───── ENTRIES SUPPLIED
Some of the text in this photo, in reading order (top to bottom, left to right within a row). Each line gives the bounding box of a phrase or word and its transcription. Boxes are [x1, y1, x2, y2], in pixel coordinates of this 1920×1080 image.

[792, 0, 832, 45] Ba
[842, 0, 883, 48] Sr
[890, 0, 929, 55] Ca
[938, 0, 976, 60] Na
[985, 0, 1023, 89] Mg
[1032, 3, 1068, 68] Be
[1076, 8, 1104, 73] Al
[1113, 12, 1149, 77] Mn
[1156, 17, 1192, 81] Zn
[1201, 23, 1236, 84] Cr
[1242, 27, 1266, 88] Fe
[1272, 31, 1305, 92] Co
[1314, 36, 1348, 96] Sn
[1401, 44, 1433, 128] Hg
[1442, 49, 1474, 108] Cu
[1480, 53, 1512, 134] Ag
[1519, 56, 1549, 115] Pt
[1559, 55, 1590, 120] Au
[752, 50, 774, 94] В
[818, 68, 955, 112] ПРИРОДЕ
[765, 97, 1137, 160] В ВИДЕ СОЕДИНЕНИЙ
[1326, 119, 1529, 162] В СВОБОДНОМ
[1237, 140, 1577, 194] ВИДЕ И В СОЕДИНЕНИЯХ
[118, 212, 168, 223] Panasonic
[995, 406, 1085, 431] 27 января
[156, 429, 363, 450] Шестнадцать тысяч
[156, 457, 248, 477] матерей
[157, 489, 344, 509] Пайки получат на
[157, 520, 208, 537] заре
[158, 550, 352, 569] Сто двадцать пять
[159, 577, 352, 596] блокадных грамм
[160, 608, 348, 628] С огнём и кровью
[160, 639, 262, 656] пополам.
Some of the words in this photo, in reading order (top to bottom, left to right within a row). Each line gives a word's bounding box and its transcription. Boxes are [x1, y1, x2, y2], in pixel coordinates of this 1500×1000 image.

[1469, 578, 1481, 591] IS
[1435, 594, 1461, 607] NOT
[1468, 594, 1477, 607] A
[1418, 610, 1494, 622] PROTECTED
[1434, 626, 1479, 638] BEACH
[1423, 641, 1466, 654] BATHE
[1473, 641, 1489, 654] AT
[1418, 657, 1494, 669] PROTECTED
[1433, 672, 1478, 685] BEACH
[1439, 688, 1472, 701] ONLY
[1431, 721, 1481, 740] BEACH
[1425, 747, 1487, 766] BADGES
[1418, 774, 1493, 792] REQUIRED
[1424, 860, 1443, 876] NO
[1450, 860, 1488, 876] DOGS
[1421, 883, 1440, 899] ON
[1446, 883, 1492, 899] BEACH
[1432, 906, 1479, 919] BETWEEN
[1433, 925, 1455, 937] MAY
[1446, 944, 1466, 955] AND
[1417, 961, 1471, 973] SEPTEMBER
──────────
§ **WHAT THIS TASK INVOLVES**
Return each line above precisely as written.

§ **RESULT BELOW**
Some of the text in this photo, in reading order (top to bottom, left to right within a row). Each line gives the bounding box of a phrase or word and its transcription. Boxes are [x1, y1, x2, y2], in pixel coordinates of this 1920×1080 image.

[792, 0, 832, 45] Ba
[842, 0, 883, 48] Sr
[890, 0, 929, 55] Ca
[938, 0, 976, 60] Na
[985, 0, 1023, 89] Mg
[1032, 3, 1068, 68] Be
[1076, 8, 1104, 73] Al
[1113, 12, 1149, 77] Mn
[1156, 17, 1192, 81] Zn
[1201, 23, 1236, 84] Cr
[1242, 27, 1266, 88] Fe
[1272, 31, 1305, 92] Co
[1314, 36, 1348, 96] Sn
[1401, 44, 1433, 128] Hg
[1442, 49, 1474, 108] Cu
[1480, 53, 1512, 134] Ag
[1519, 56, 1549, 115] Pt
[1559, 55, 1590, 120] Au
[752, 50, 774, 94] В
[818, 68, 955, 112] ПРИРОДЕ
[765, 97, 1137, 160] В ВИДЕ СОЕДИНЕНИЙ
[1326, 119, 1529, 162] В СВОБОДНОМ
[1237, 140, 1577, 194] ВИДЕ И В СОЕДИНЕНИЯХ
[118, 212, 168, 223] Panasonic
[995, 406, 1085, 431] 27 января
[156, 429, 363, 450] Шестнадцать тысяч
[156, 457, 248, 477] матерей
[157, 489, 344, 509] Пайки получат на
[157, 520, 208, 537] заре
[158, 550, 352, 569] Сто двадцать пять
[159, 577, 352, 596] блокадных грамм
[160, 608, 348, 628] С огнём и кровью
[160, 639, 262, 656] пополам.
Some of the words in this photo, in reading order (top to bottom, left to right within a row). Each line gives a word's bounding box and its transcription. Boxes are [x1, y1, x2, y2], in pixel coordinates of this 1500×1000 image.

[1469, 578, 1481, 591] IS
[1435, 594, 1461, 607] NOT
[1468, 594, 1477, 607] A
[1418, 610, 1494, 622] PROTECTED
[1434, 626, 1479, 638] BEACH
[1423, 641, 1466, 654] BATHE
[1473, 641, 1489, 654] AT
[1418, 657, 1494, 669] PROTECTED
[1433, 672, 1478, 685] BEACH
[1439, 688, 1472, 701] ONLY
[1431, 721, 1481, 740] BEACH
[1425, 747, 1487, 766] BADGES
[1418, 774, 1493, 792] REQUIRED
[1424, 860, 1443, 876] NO
[1450, 860, 1488, 876] DOGS
[1421, 883, 1440, 899] ON
[1446, 883, 1492, 899] BEACH
[1432, 906, 1479, 919] BETWEEN
[1433, 925, 1455, 937] MAY
[1446, 944, 1466, 955] AND
[1417, 961, 1471, 973] SEPTEMBER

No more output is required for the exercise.